Following the publication of her recent memoir, “Lessons From the Edge,” former ambassador to Ukraine Marie Yovanovitch ’80 spoke to the University community about her experience as a U.S. diplomat in Ukraine and the Eastern Bloc in a talk moderated by Professor of Sociology and International Affairs Kim Lane Scheppele.
During the panel, Yovanovitch explained that she did not see the current invasion coming but had observed stakes rising in the region.
Yovanovitch discussed what she described as Russian President Vladimir Putin’s attempts to “recreate a new Soviet” with the Russo-Georgian War in 2008 and the annexation of Crimea in 2014. Yovanovitch stated that “he’s gotten away with it [before]; he thought he’d get away with it [again].”
“Russia was successfully destabilizing and disorienting Ukraine, and I thought that was [going to be] enough,” Yovanovitch said at the talk. She further explained to the audience that “if you look over the years, [Putin] told us what he wanted.”
Yovanovitch said that when she was appointed ambassador in 2016, there were ongoing conflicts in the Donbas region, and a “desire to not escalate” tensions with Russia.
Both during the panel and in her memoir, she commended the strength of the Ukrainian people and President Volodymyr Zelensky’s leadership.
Yovanovitch also stated that the Biden administration is “supporting Ukraine within a very narrow lane and they are doing it very well.” She emphasized the need for NATO to provide as much support and equipment to Ukraine as possible.
The conversation then pivoted to discussion of Yovanovitch’s deposition in the first impeachment of former president Trump following the now infamous “perfect phone call,” in which Trump threatened to withhold Congress-approved funding from Ukraine in an effort to gather information against then presidential candidate Joe Biden.
Yovanovitch was called back to the U.S. three days after Zelensky’s election. She said that she had heard rumors that Rudy Giuliani, one of President Trump’s legal advisors and former New York City mayor, “had it out for [her].” She also expressed her disappointment in the State Department’s lack of support during the “smear campaign” against her.
Yovanovitch said that ambassadors “are used to getting criticized, but what was unusual was [it] came from the U.S.”
“He could have just fired me,” she said. “He didn’t have to run a disinformation campaign against me.”
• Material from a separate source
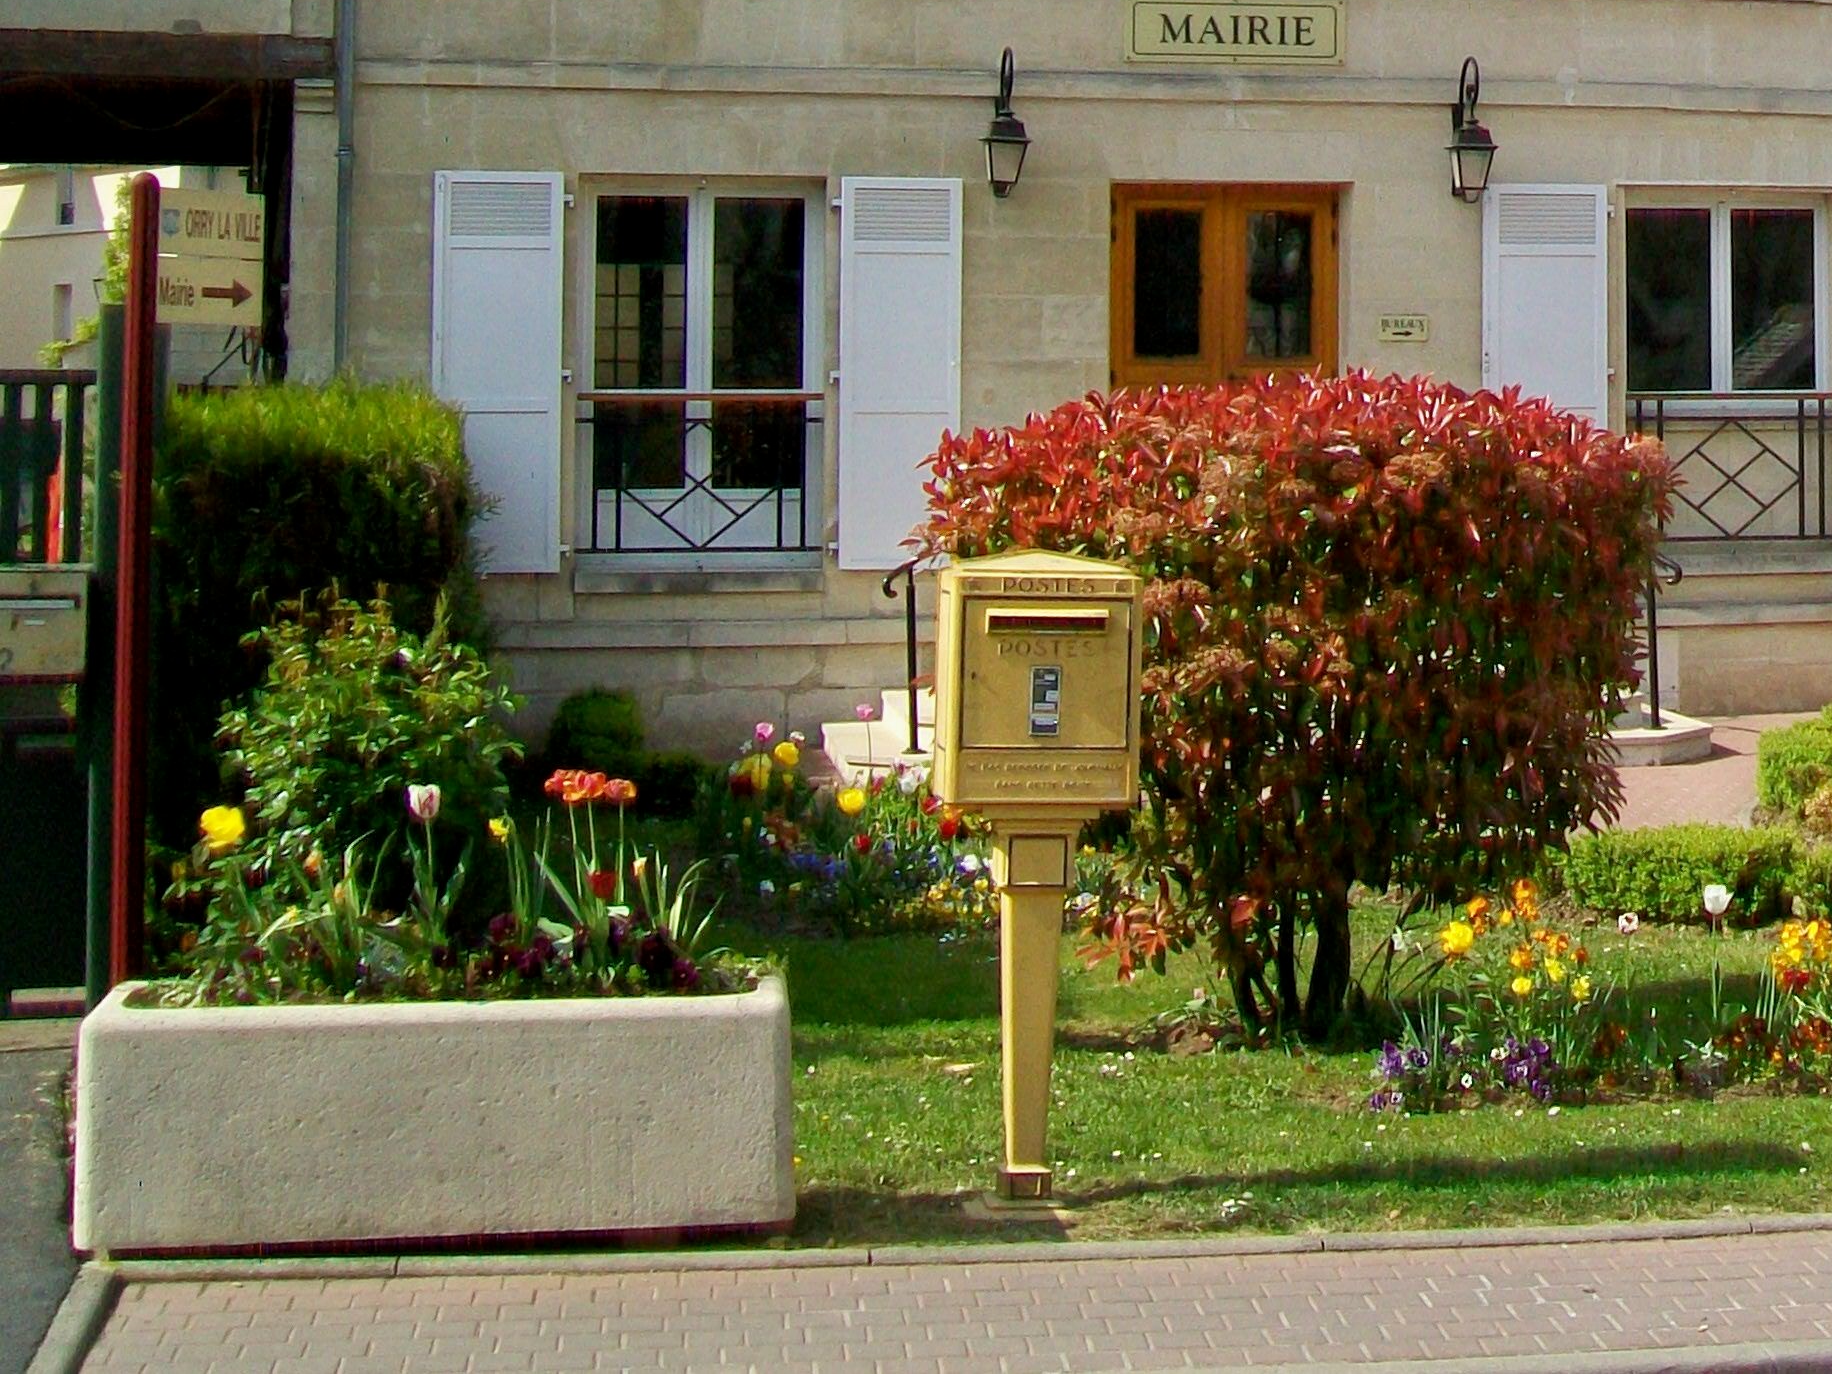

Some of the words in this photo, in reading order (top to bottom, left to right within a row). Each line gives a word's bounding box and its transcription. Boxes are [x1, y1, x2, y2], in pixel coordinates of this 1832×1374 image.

She worried about ever being able to find employment again after her removal from Ukraine and subsequent testimony in the impeachment. Yovanovitch said she complied in testifying because it was her duty to the U.S. people.
During the talk, Yovanovitch also touched on what has sustained her personally through these last difficult years.
“I’d ask myself, what would my parents do?” Yovanovitch said. She explained that her parents, refugees from the Soviet Union and Nazi Germany, had instilled a deep need to give back in any way she could. She also discussed how profoundly the University’s motto “Princeton in the nation’s service” affected her time in the State Department and her decision to enter foreign service.
The Daily Princetonian previously sat down with Yovanovitch to discuss her recent memoir, advice for aspiring civil servants, and thoughts on the war in Ukraine.
The panel was held on April 12 at 6 p.m. in the Richardson Auditorium, and was co-sponsored by the Princeton School of Public and International Affairs and the Program in Russian, East European and Eurasian Studies as a part of the Walter E. Edge lecture series.